- **PROVIDED DATA**
____
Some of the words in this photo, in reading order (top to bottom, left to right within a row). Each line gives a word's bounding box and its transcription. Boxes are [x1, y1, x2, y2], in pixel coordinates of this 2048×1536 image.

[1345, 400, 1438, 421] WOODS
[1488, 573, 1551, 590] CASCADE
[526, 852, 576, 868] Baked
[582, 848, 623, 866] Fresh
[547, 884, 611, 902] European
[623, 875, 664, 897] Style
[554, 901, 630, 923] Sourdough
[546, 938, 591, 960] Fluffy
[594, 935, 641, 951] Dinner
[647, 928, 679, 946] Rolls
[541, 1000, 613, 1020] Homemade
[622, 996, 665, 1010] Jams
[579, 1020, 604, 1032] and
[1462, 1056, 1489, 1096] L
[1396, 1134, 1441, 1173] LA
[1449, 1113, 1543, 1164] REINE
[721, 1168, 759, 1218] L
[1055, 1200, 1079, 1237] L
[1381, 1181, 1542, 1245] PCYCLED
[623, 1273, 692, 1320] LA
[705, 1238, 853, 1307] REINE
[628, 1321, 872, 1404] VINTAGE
____
- **ABOUT THIS TASK**
Write the data above out again in full, with every word as given.

- **WRITTEN RESPONSE**
Some of the words in this photo, in reading order (top to bottom, left to right within a row). Each line gives a word's bounding box and its transcription. Boxes are [x1, y1, x2, y2], in pixel coordinates of this 2048×1536 image.

[1345, 400, 1438, 421] WOODS
[1488, 573, 1551, 590] CASCADE
[526, 852, 576, 868] Baked
[582, 848, 623, 866] Fresh
[547, 884, 611, 902] European
[623, 875, 664, 897] Style
[554, 901, 630, 923] Sourdough
[546, 938, 591, 960] Fluffy
[594, 935, 641, 951] Dinner
[647, 928, 679, 946] Rolls
[541, 1000, 613, 1020] Homemade
[622, 996, 665, 1010] Jams
[579, 1020, 604, 1032] and
[1462, 1056, 1489, 1096] L
[1396, 1134, 1441, 1173] LA
[1449, 1113, 1543, 1164] REINE
[721, 1168, 759, 1218] L
[1055, 1200, 1079, 1237] L
[1381, 1181, 1542, 1245] PCYCLED
[623, 1273, 692, 1320] LA
[705, 1238, 853, 1307] REINE
[628, 1321, 872, 1404] VINTAGE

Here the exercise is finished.